What makes food tastier could potentially make you sick. The simple act of browning food to get that crispy crust also produces a cancer-causing chemical called acrylamide, reports the European Food Safety Authority (EFSA). Acrylamide starts forming when cooking temperatures exceed 120 degrees Celsius (248 degrees Fahrenheit), and popular foods like coffee, processed cereal grains found in cookies, crackers and bread, fried potatoes and certain baby foods are at risk.
Researchers have linked acrylamide with tumor growth and the spread of cancer in animal studies. While human studies have provided limited and inconsistent evidence of increased risk of developing cancer, EFSA recommends limiting acrylamide intake as much as possible.
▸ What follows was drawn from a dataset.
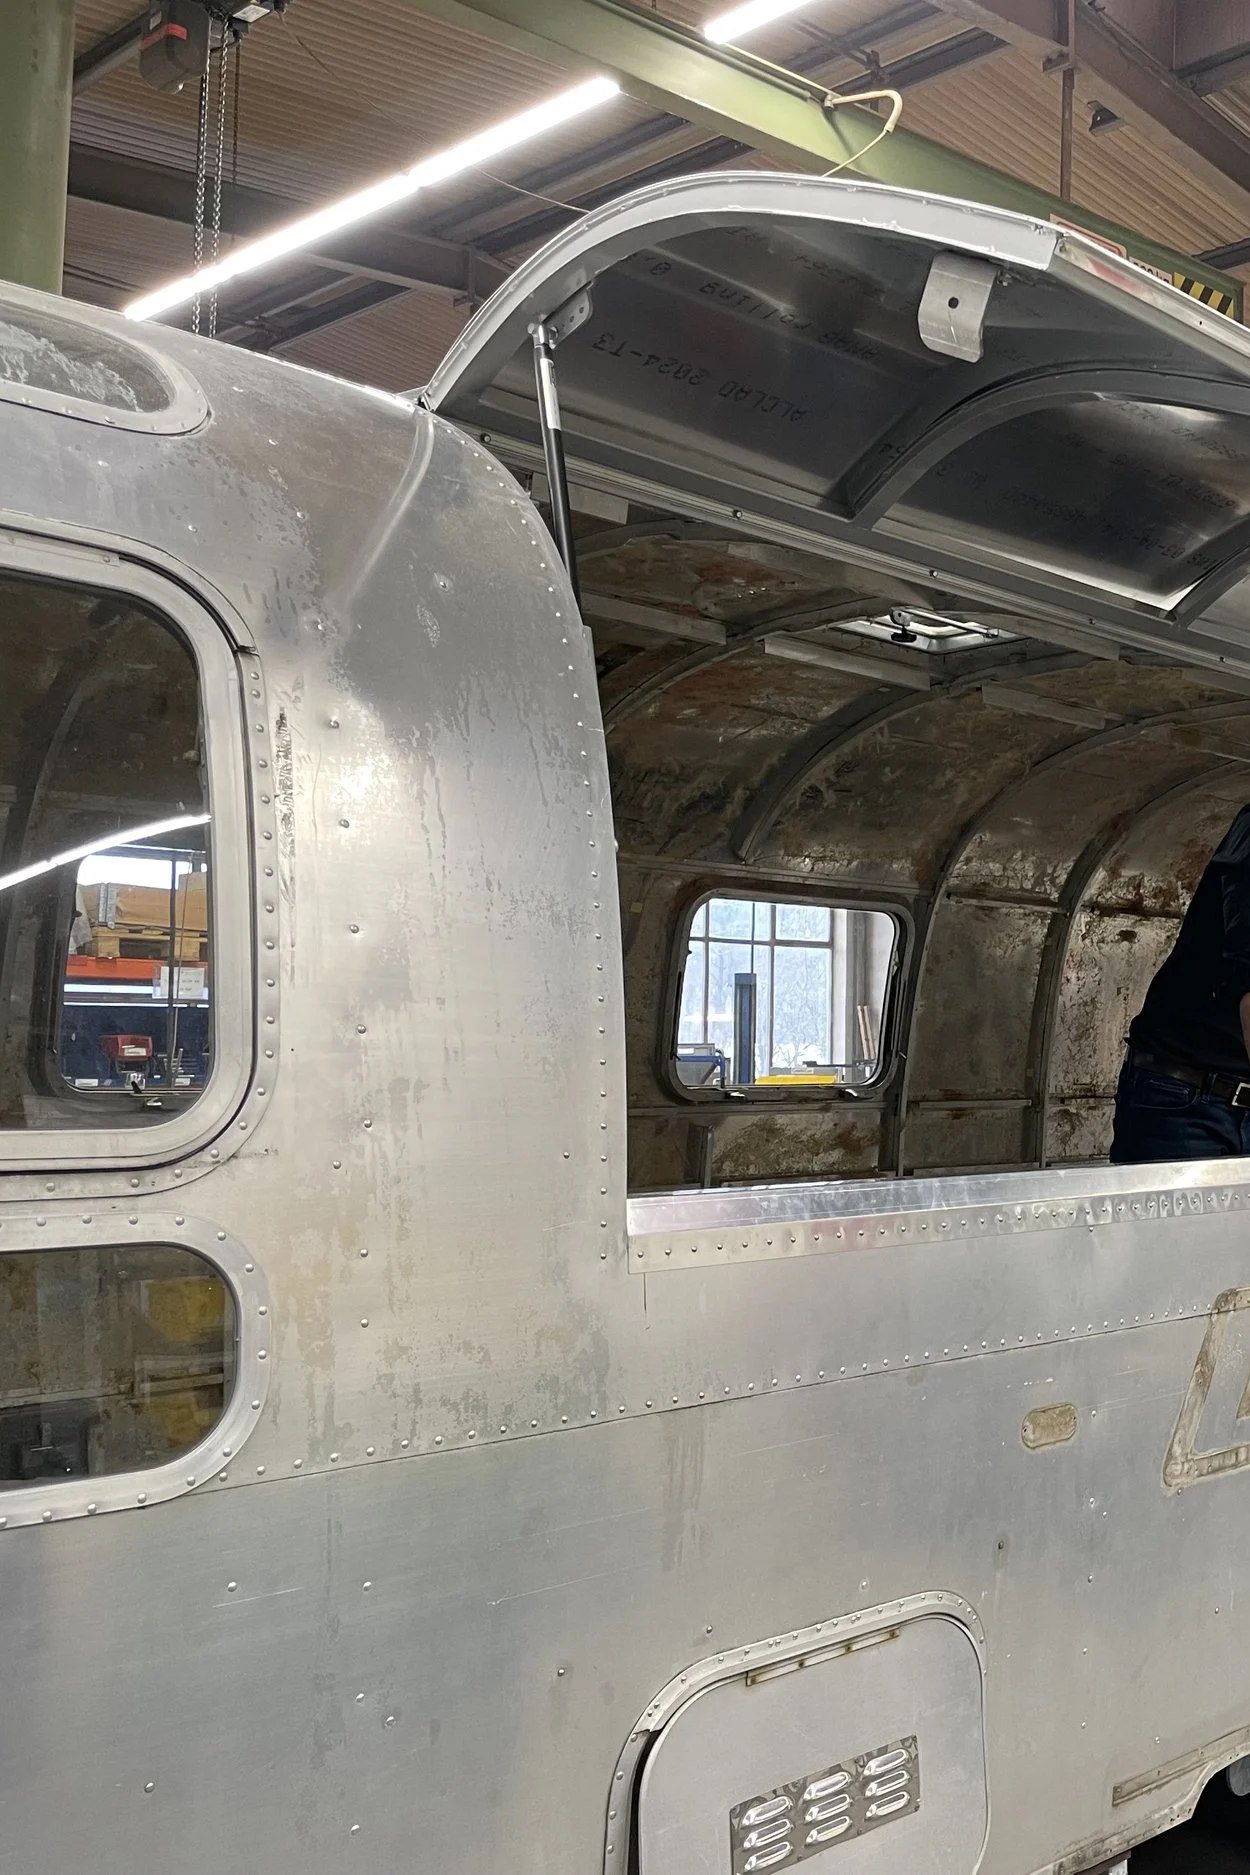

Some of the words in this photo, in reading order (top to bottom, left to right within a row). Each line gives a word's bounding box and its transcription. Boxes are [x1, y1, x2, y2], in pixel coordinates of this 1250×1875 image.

[700, 281, 812, 332] rolling
[591, 332, 711, 386] 2024-T3
[717, 380, 807, 423] ALCLAD
Other studies have shown high temperature cooking to increase the risk of potential cancer-causing agents in food like charred meat as well.
According to the National Cancer Institute, frying, baking and broiling food can produce acrylamide, while boiling and microwaving are less likely to do so. Compared to other foods, potato chips and French fries contain higher amounts of acylamide.
The American Cancer Society (ACS) has provided several dietary recommendations to reduce your exposure to acrylamide. Dark roast coffee is safer to drink than light roast coffee because the acrylamides are formed during the first few minutes of roasting and then degrade over a longer roasting process. Boiling your potatoes may be healthier than than roasting or frying them. Lightly toast bread before the dark spots form, and avoid baby food made with processed cereal grains.